Though not usually considered to be a cardiac imaging modality, the chest radiograph is an important diagnostic tool in the evaluation of patients with chest pain. Probably the most useful function of the chest radiograph lies in identifying or suggesting alternative diagnoses for the patient’s symptoms. Chest radiographs are safe and result in relatively low radiation exposure (0.02 millisievert) when compared with the cardiac-specific modalities (see Table 56.1). Pneumothorax or pneumonia can be identified on a chest radiograph. Mediastinal widening, apical capping of pleural fluid, tracheal deviation, or displacement of intimal calcium from the outer vessel wall may indicate aortic dissection. An enlarged cardiac silhouette may signify the presence of a pericardial effusion or, if seen together with pulmonary congestion, congestive heart failure. Pulmonary emboli may be accompanied by focal oligemia, wedge-based densities, or enlarged pulmonary arteries on chest radiographs. Every patient with chest discomfort should have a chest radiograph taken before additional evaluation.

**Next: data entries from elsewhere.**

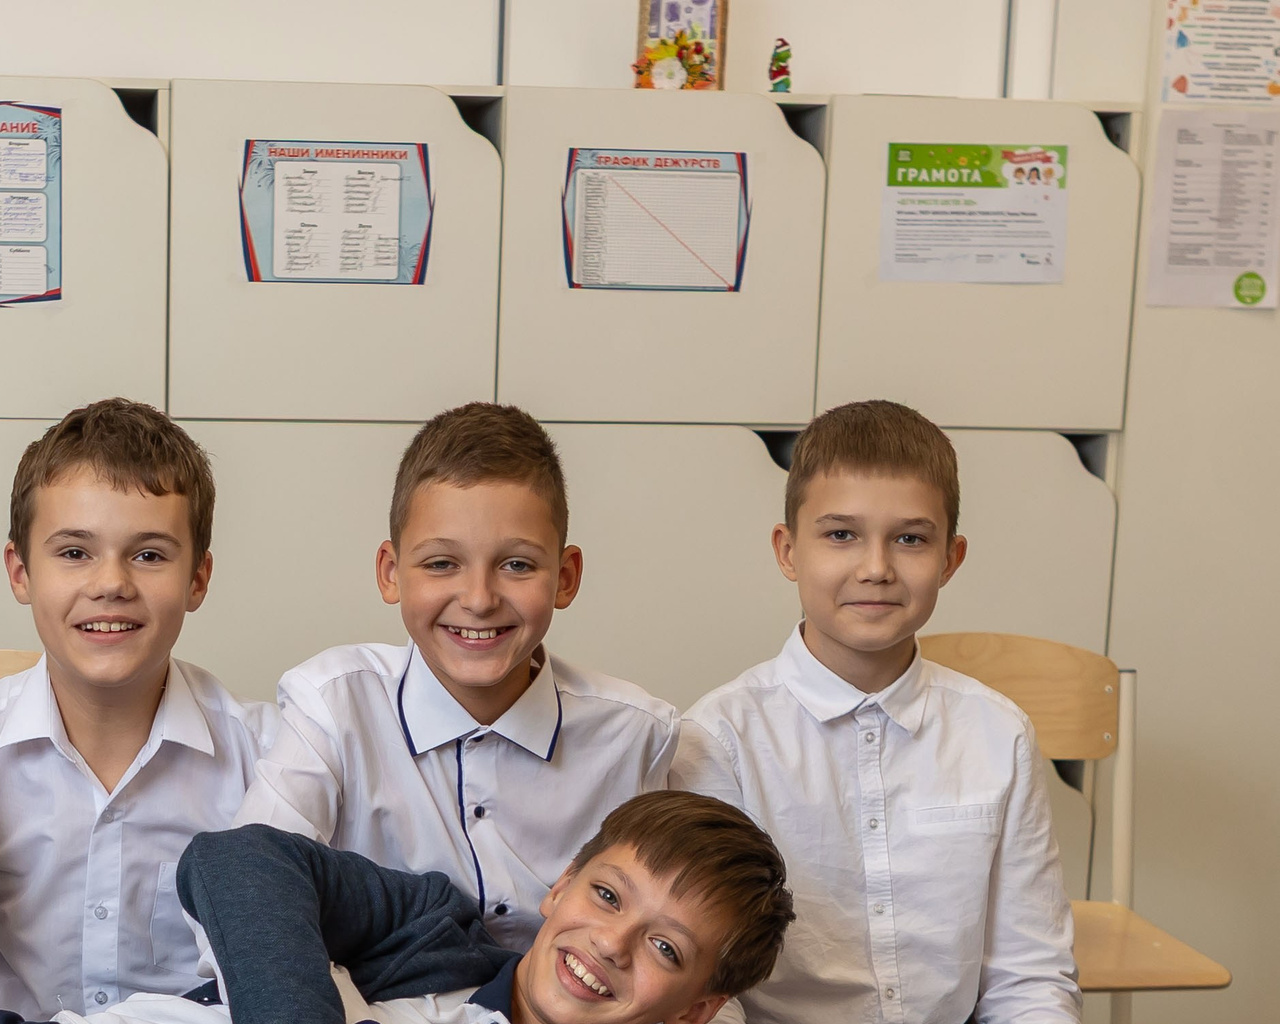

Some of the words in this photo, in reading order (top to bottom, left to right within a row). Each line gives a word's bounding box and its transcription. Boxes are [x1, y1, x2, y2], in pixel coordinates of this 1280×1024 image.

[267, 148, 310, 158] НАШИ
[314, 149, 408, 160] ИМЕНИННИКИ
[597, 155, 649, 167] ГРАФИК
[653, 157, 721, 169] ДЕЖУРСТВ
[897, 167, 983, 183] ГРАМОТА
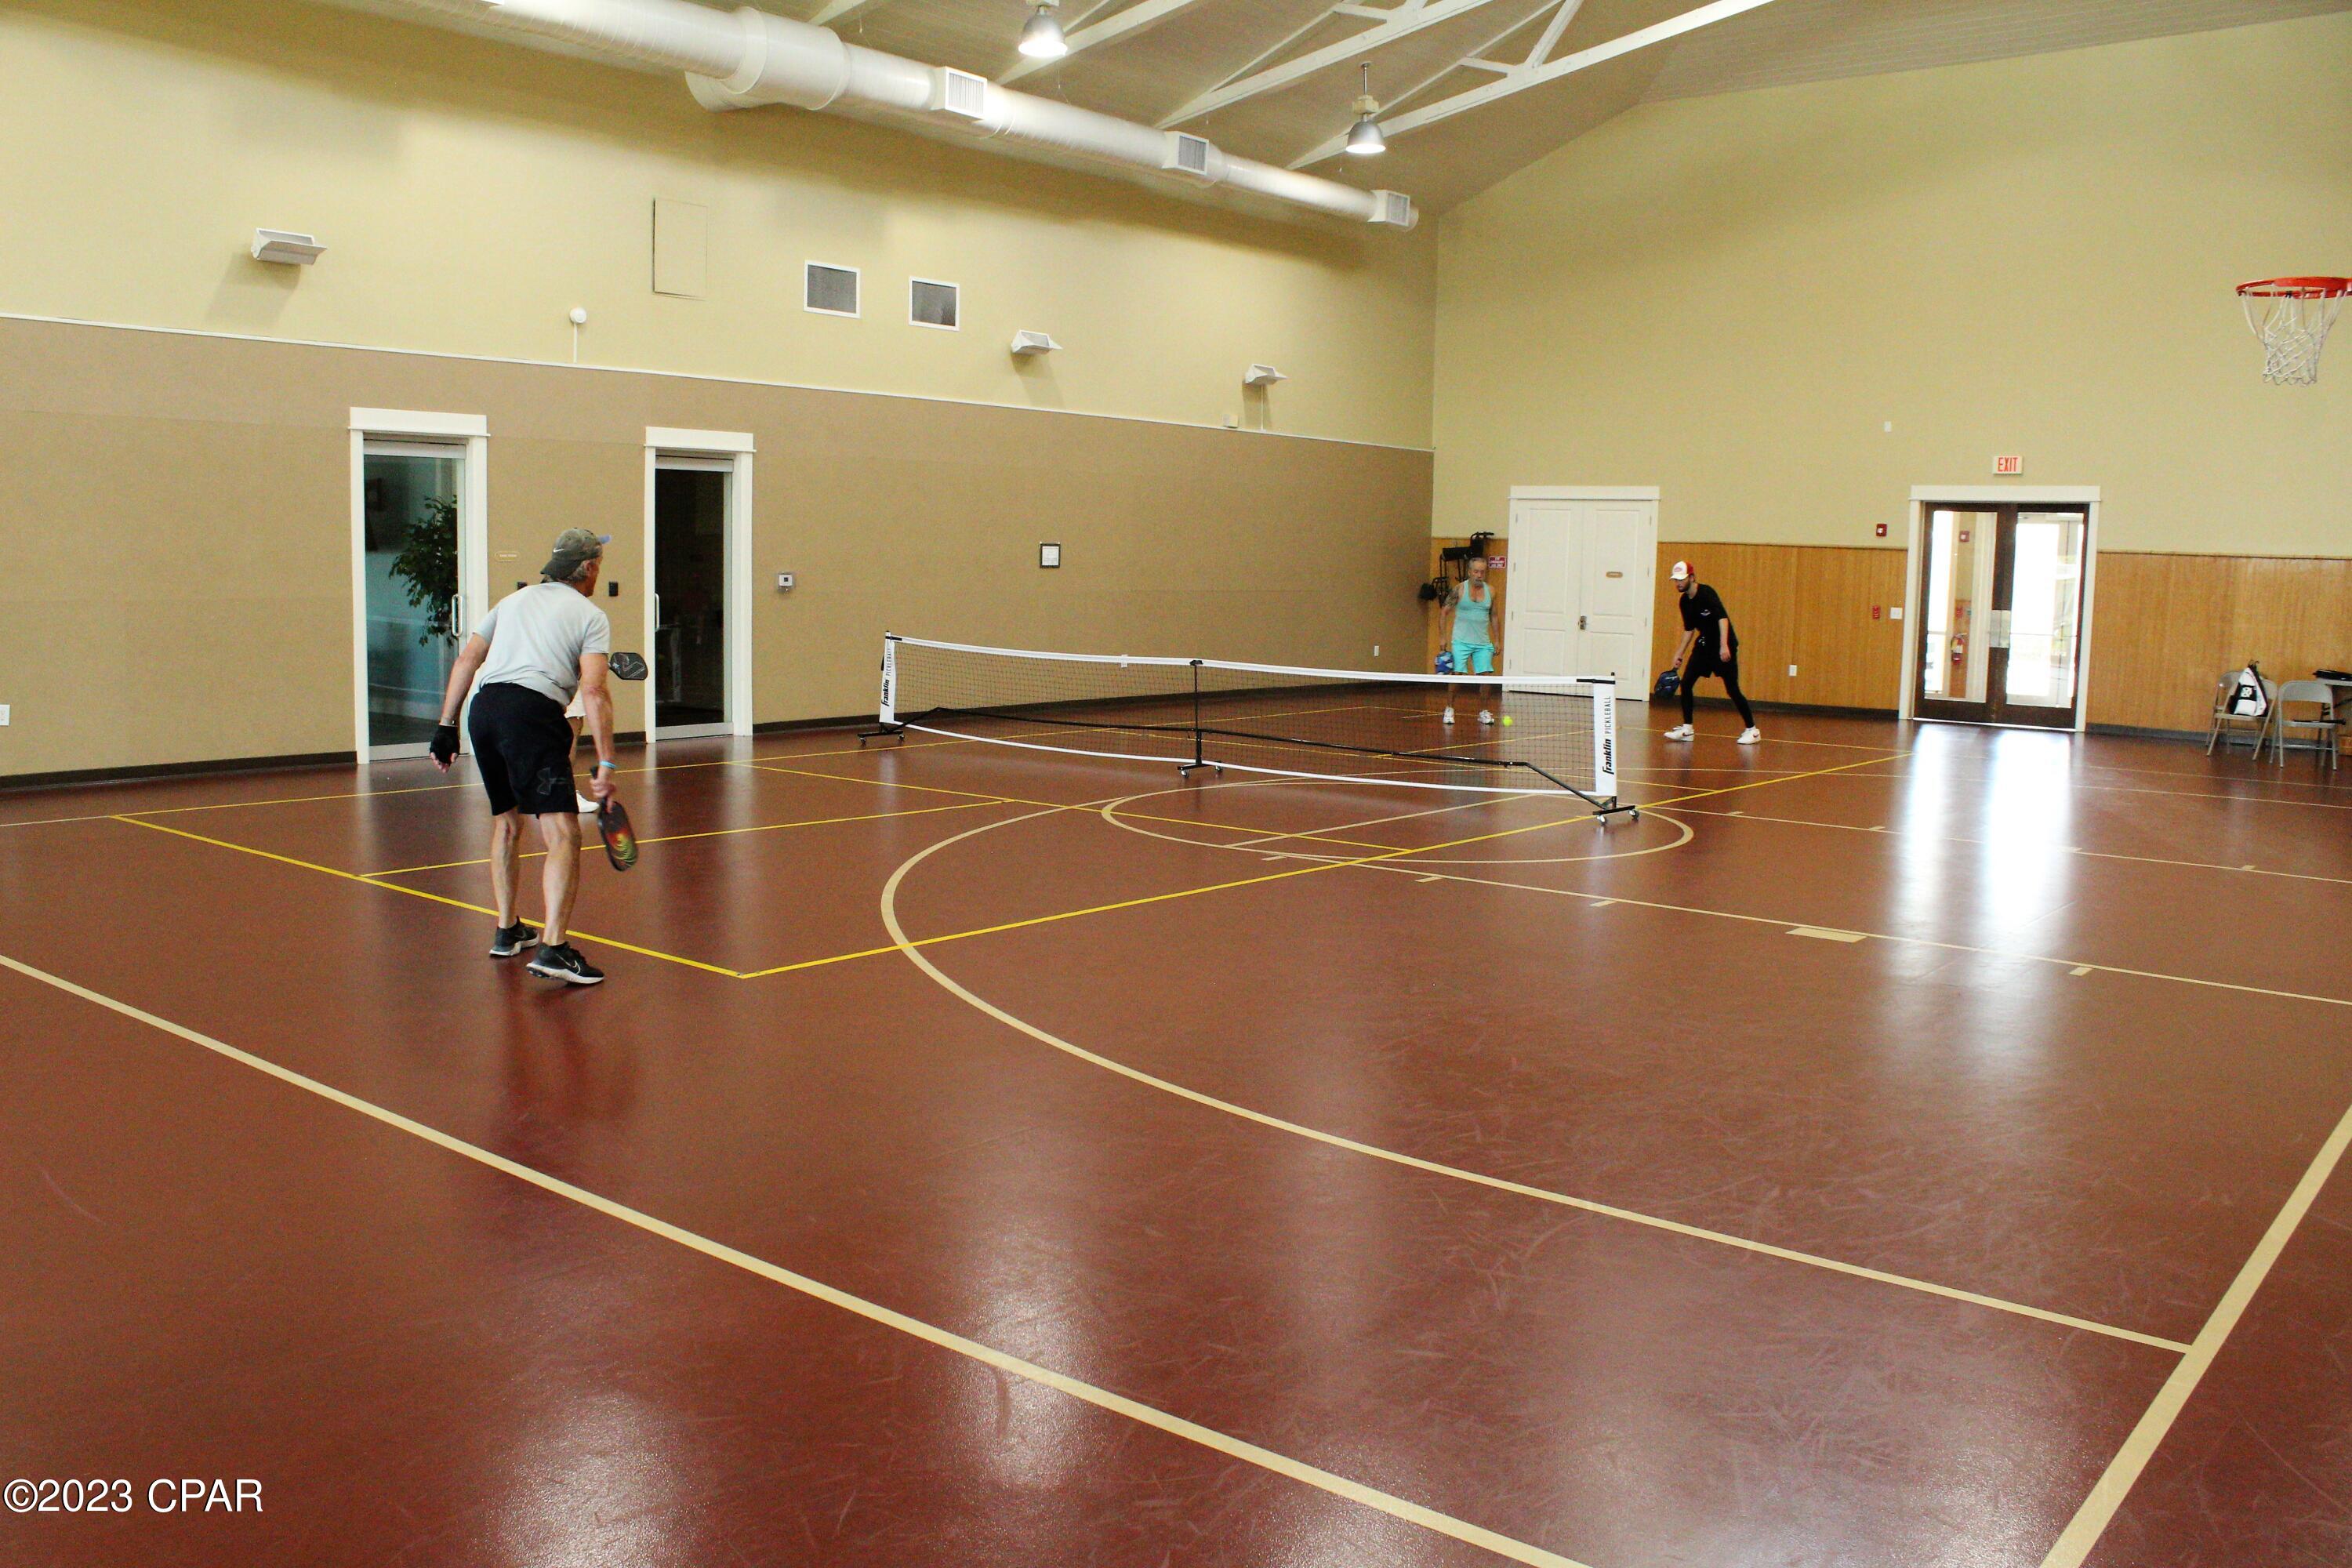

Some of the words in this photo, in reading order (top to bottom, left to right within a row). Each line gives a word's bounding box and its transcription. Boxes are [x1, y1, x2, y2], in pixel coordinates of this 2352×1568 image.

[1998, 457, 2018, 472] EXIT
[881, 679, 890, 707] franklin
[1602, 739, 1614, 775] franklin
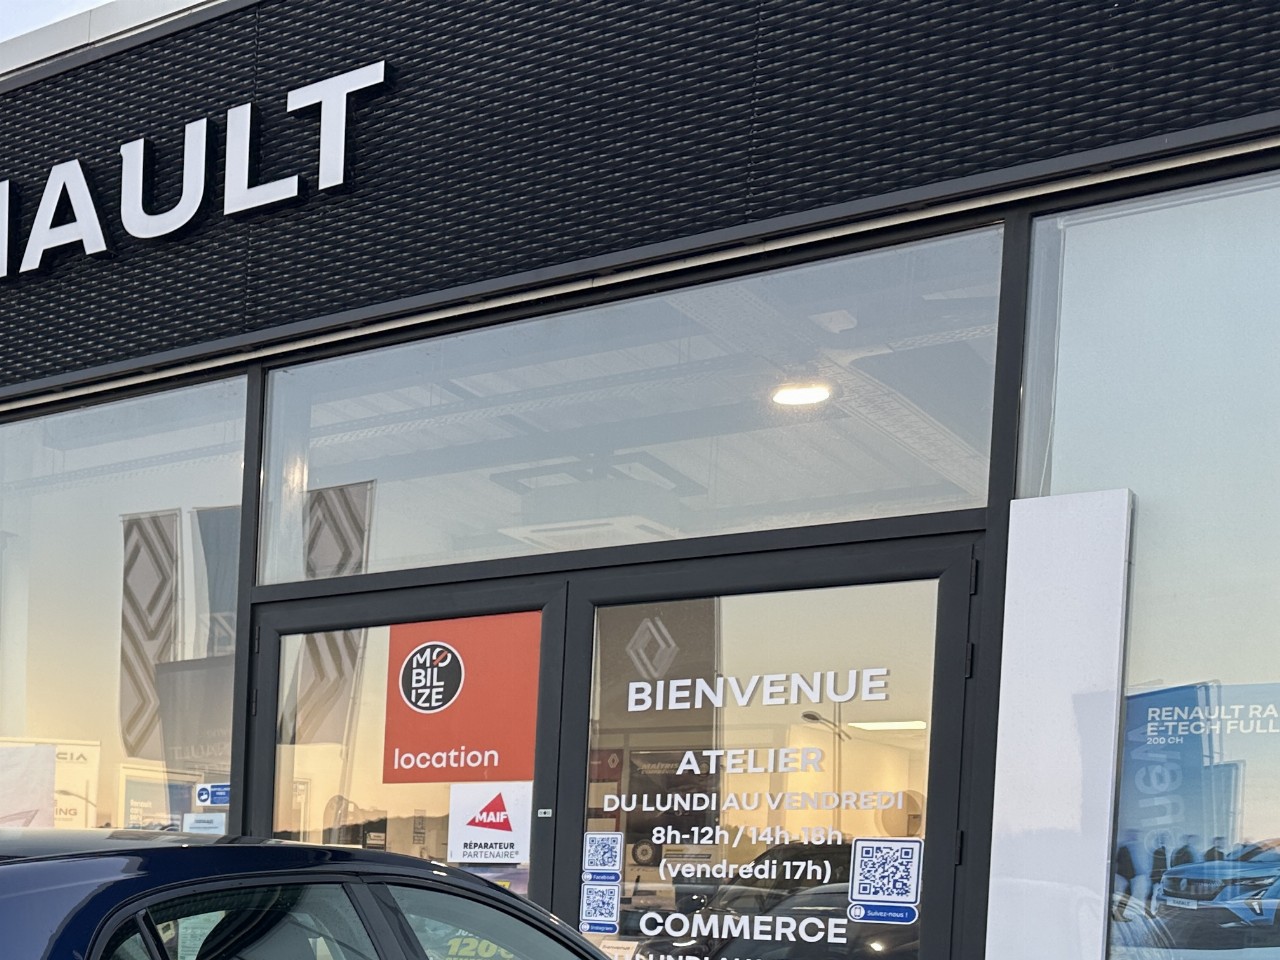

Exercise Treadmill Testing

Graded exercise testing is a popular method of cardiac stress testing in both the inpatient and outpatient settings. Many of the early ED accelerated diagnostic protocols used this test after initial risk stratification via cardiac biomarkers and the ECG.48 This was the beginning of chest pain unit protocols and the ability to appropriately risk-stratify ED patients with chest pain within 6 to 12 hours. Outcomes at 6 to 12 months have been found to be similar with very few adverse events between patients admitted to the hospital and those cared for in an ED chest pain unit setting. Although exercise treadmill testing has a lower positive predictive value (great proportion of false-positive results) than some other more contemporary myocardial perfusion imaging (MPI) modalities, its use still diminishes unnecessary admissions.9

Selection criteria for exercise testing are more restrictive than those for other imaging modalities. Patients must be able to walk on a treadmill, and findings on the ECG should be normal or show no new changes. Agents such as dobutamine, dipyridamole, adenosine, or regadenoson can be used in lieu of exercise. Although exercise testing is slowly being supplanted by studies offering more detailed functional information, it is still a major tool in many centers (Fig. 56.1).